I recently took a Reiki class hoping to improve my health, connect with my animals better and, generally, be in harmony with the Universe. Lofty goals for a simple soul but as I didn't feel like I was making any progress toward better health, I thought what the heck! During the class it occurred to me that I just might improve my artwork, too. Our teacher, Janet Shettle, was very good and very patient. Her connection with the spiritual energy is amazing. Anyway, I was reading about the Reiki and how it was recommended to keep a journal of our experiences. I happened to read an article in International Artist Magazine and they recommended the same thing for artists. So I'm going to try it. Don't know if I will log in every day or month or irregularly but if it helps I'm all for giving it a try. Hope somebody out there will be interested enough to read my ramblings but it's OK if I'm on my own
Saw a demonstration by Stan Sperlak on Saturday, March 24th, at the Maryland Pastel Society General Membership Meeting. (By the way, these meetings are open to the public. The next one is April 21st).
Stan started out with a slide show then worked on a night landscape in pastel. Very interesting! He talked about having confidence in your art and really thinking about why you paint and why you chose the subjects you do. I know why I do, I love those animals!
I am amazed all the time with artists who don't seize the moment and take advantage of situations. They pass up golden opportunities! They get stubborn, they bulk at a new idea and there by miss an opportunity to learn! I've met sculptors, oil painters, pastelists, etc. who refuse to think creatively when a problem arises. From being dissatisfied with a Life Session pose to complaining about some physical ailment, artists need to work around problems. My artwork projects are not so precious that I won't switch gears in mid-stroke. I'll try something different just to see what will happen. I always think I may stumble onto some technique or look that will be really interesting. Hey, I'll always go for it! I'll always Be Curious, Be Adventurous, Be Happy, Work Hard, Stay Peaceful.

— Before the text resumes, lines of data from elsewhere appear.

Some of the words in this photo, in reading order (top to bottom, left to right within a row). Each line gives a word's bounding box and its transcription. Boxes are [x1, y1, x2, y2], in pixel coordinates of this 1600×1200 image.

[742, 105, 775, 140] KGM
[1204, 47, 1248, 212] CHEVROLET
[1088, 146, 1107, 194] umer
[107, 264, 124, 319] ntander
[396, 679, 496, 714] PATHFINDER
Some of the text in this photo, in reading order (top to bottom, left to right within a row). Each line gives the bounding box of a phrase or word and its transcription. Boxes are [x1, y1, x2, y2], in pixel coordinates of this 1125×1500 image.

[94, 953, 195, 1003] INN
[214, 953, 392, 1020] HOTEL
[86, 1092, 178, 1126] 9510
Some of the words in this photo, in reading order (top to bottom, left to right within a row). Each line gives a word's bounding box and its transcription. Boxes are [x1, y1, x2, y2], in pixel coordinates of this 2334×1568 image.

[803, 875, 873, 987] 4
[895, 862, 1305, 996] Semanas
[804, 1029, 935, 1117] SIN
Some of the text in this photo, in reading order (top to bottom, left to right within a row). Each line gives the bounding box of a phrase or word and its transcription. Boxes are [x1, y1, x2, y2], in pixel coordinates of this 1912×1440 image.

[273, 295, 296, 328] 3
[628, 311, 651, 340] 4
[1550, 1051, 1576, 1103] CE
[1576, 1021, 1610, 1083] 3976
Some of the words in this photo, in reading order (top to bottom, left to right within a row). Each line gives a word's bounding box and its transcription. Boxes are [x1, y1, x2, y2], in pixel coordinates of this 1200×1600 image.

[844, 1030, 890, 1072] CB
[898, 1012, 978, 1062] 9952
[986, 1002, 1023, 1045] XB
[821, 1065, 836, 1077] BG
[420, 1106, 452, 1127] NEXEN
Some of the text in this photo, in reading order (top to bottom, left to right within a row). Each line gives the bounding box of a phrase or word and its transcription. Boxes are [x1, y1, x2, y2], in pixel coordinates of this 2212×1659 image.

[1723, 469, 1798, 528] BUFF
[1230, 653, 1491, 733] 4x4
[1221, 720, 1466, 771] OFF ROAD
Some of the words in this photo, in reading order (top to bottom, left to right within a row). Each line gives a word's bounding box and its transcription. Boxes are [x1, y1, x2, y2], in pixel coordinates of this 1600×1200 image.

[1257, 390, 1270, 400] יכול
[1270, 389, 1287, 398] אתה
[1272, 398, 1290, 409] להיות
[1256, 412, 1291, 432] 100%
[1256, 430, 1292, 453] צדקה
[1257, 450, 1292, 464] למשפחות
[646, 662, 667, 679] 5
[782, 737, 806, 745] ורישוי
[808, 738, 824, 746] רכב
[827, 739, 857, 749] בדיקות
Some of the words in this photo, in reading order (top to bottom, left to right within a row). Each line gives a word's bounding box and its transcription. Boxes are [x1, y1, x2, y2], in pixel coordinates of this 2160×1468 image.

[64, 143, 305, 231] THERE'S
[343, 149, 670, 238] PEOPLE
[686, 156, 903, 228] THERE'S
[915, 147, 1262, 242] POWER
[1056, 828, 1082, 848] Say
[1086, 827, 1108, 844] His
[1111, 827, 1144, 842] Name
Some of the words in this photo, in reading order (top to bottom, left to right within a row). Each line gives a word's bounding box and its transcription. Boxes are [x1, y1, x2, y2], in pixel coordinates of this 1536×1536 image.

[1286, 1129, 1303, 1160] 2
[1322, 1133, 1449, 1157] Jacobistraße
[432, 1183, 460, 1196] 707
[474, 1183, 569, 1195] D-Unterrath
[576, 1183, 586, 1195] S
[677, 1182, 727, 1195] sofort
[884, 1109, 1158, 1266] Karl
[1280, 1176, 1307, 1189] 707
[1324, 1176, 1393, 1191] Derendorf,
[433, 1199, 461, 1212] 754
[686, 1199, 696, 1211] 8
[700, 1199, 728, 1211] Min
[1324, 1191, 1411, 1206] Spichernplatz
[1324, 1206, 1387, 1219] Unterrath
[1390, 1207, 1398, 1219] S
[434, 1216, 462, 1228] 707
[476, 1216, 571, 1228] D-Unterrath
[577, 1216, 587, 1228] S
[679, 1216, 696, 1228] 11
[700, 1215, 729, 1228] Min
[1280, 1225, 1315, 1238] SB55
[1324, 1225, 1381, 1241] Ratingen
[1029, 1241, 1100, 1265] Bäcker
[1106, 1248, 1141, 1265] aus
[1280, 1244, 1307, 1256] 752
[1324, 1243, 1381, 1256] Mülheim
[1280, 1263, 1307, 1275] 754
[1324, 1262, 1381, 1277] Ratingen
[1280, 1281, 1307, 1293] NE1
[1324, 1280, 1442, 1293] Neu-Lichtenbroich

Why make art? Communication, certainly. Connection, definitely! Some clients look at my work and are taken to a place in their past and a calm, happy feeling over takes them. What a connection! A pet portrait client will exclaim, "That's her. That's my Baby!" I was plein-aire painting one day and a lady stopped and said, "You're making it look better then it does". That brought the scene into her and she was smiling when she walked away. I'll continue to make art and connect
A lot of the artwork I've seen lately has looked the same. The plein-aire landscapes look like the same old stuff. How many of those can you paint over and over again and have them all look the same. A lot, apparently! I've tried pastel collage for something different. It looks a little different and it definitely is different to work with , , , not the easiest collage material! Check a few out under Abstracts. Just finished a multi-media piece of an elephant. VERY COOL!
Almost everyone has or has had the urge to draw. Every child draws. Chalks and pencils, markers and watercolors, all bring out the artist in the child. Too bad we become aware of the sophisticated, professional drawing. Then you don't draw any more. You are not good enough. But some of us do continue to draw, to record what we see and how we see it. Vincent Van Gogh said "I sometimes think there is nothing so delightful as drawing." I agree!